WORK TASK:
Each entry must come back word for word; drop the images as you go.

※

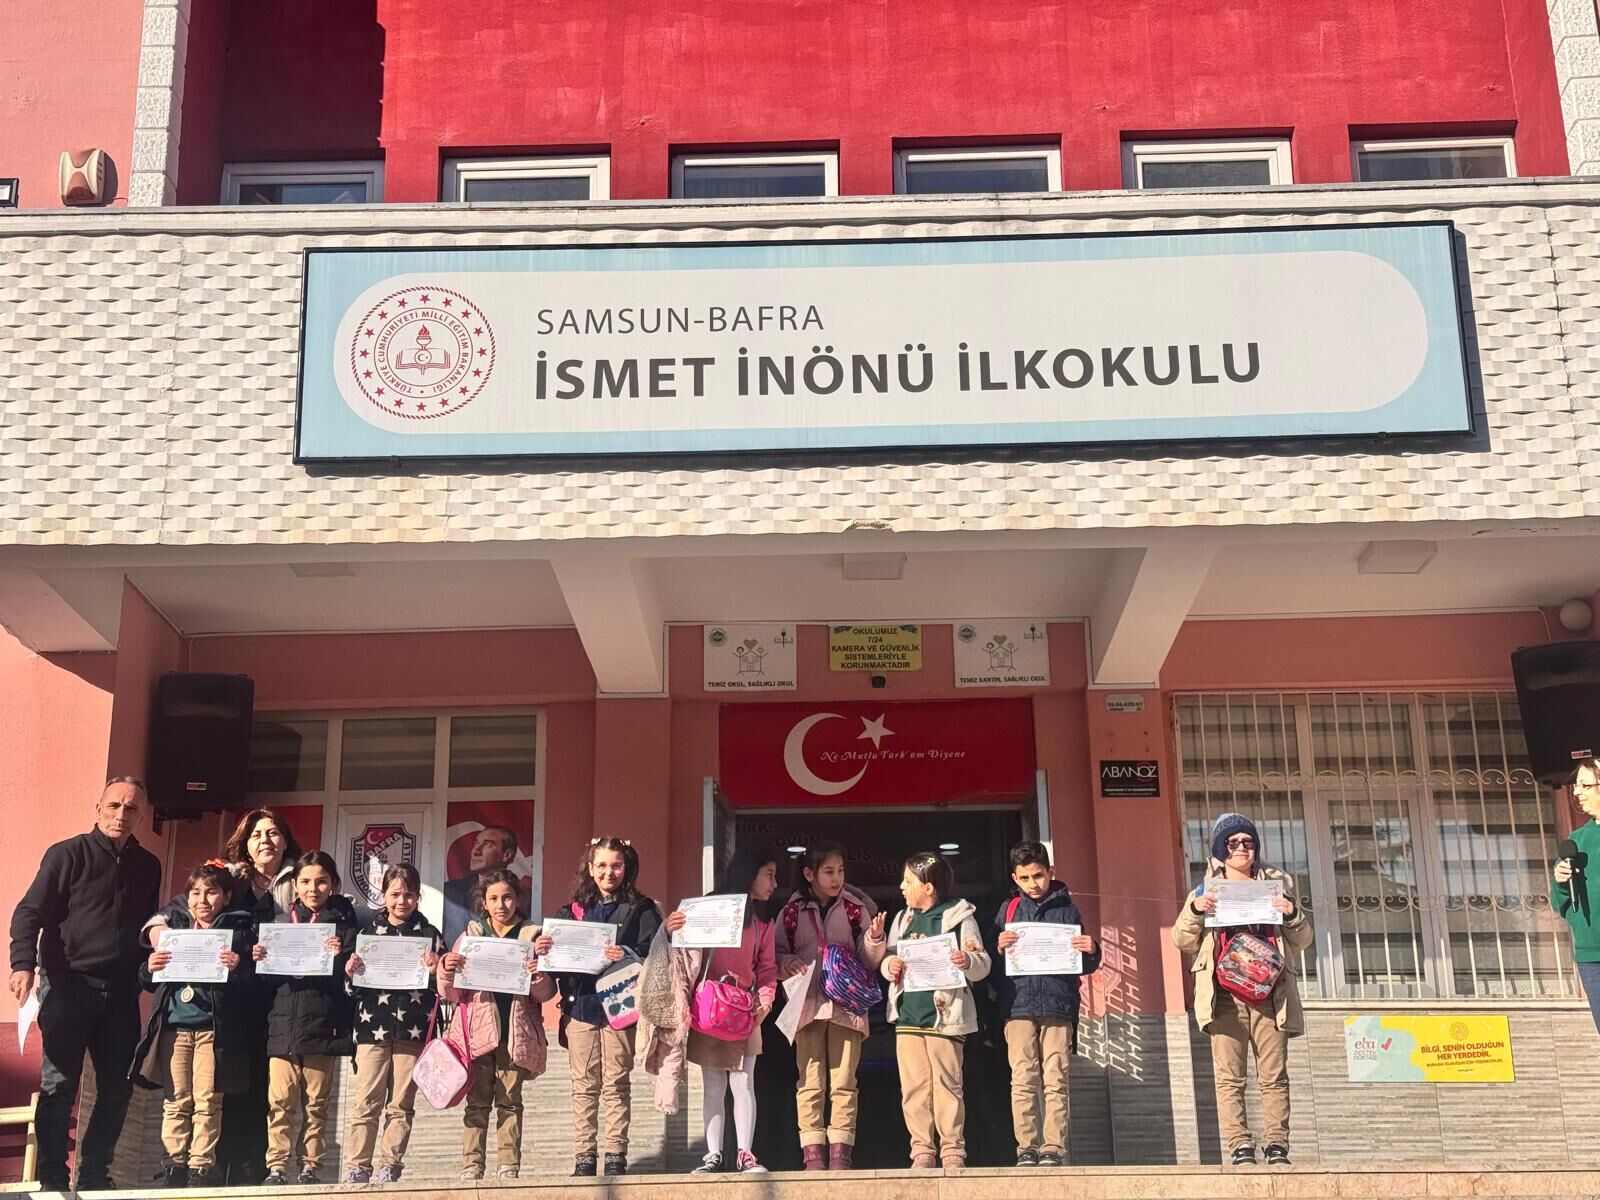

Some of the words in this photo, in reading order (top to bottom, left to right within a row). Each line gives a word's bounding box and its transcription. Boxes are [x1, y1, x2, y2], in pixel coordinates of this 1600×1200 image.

[421, 310, 448, 322] MİLLİ
[536, 304, 824, 335] SAMSUN-BAFRA
[378, 310, 418, 363] CUMHURİYETİ
[448, 320, 469, 350] EĞİTİM
[433, 352, 468, 393] BAKANLIĞI
[535, 350, 715, 400] İSMET
[737, 343, 933, 396] İNÖNÜ
[958, 341, 1261, 391] İLKOKULU
[380, 364, 412, 393] TÜRKİYE
[853, 627, 897, 635] OKULUMUZ
[867, 644, 878, 652] VE
[879, 643, 920, 652] GÜVENLİK
[844, 652, 907, 661] SİSTEMLERİYLE
[841, 661, 911, 669] KORUNMAKTADIR
[820, 751, 838, 762] Ne
[840, 751, 877, 760] Mutlu
[927, 749, 966, 761] Diyene
[1102, 765, 1158, 778] ABANOZ
[366, 832, 402, 859] BAFRA
[1421, 1044, 1442, 1054] BİLGİ,
[1443, 1042, 1465, 1052] SENİN
[1466, 1040, 1504, 1050] OLDUĞUN
[1437, 1053, 1452, 1061] HER
[1453, 1050, 1491, 1060] YERDEDİR.

※

OUTPUT FOR THIS TASK:
Some of the words in this photo, in reading order (top to bottom, left to right within a row). Each line gives a word's bounding box and its transcription. Boxes are [x1, y1, x2, y2], in pixel coordinates of this 1600×1200 image.

[421, 310, 448, 322] MİLLİ
[536, 304, 824, 335] SAMSUN-BAFRA
[378, 310, 418, 363] CUMHURİYETİ
[448, 320, 469, 350] EĞİTİM
[433, 352, 468, 393] BAKANLIĞI
[535, 350, 715, 400] İSMET
[737, 343, 933, 396] İNÖNÜ
[958, 341, 1261, 391] İLKOKULU
[380, 364, 412, 393] TÜRKİYE
[853, 627, 897, 635] OKULUMUZ
[867, 644, 878, 652] VE
[879, 643, 920, 652] GÜVENLİK
[844, 652, 907, 661] SİSTEMLERİYLE
[841, 661, 911, 669] KORUNMAKTADIR
[820, 751, 838, 762] Ne
[840, 751, 877, 760] Mutlu
[927, 749, 966, 761] Diyene
[1102, 765, 1158, 778] ABANOZ
[366, 832, 402, 859] BAFRA
[1421, 1044, 1442, 1054] BİLGİ,
[1443, 1042, 1465, 1052] SENİN
[1466, 1040, 1504, 1050] OLDUĞUN
[1437, 1053, 1452, 1061] HER
[1453, 1050, 1491, 1060] YERDEDİR.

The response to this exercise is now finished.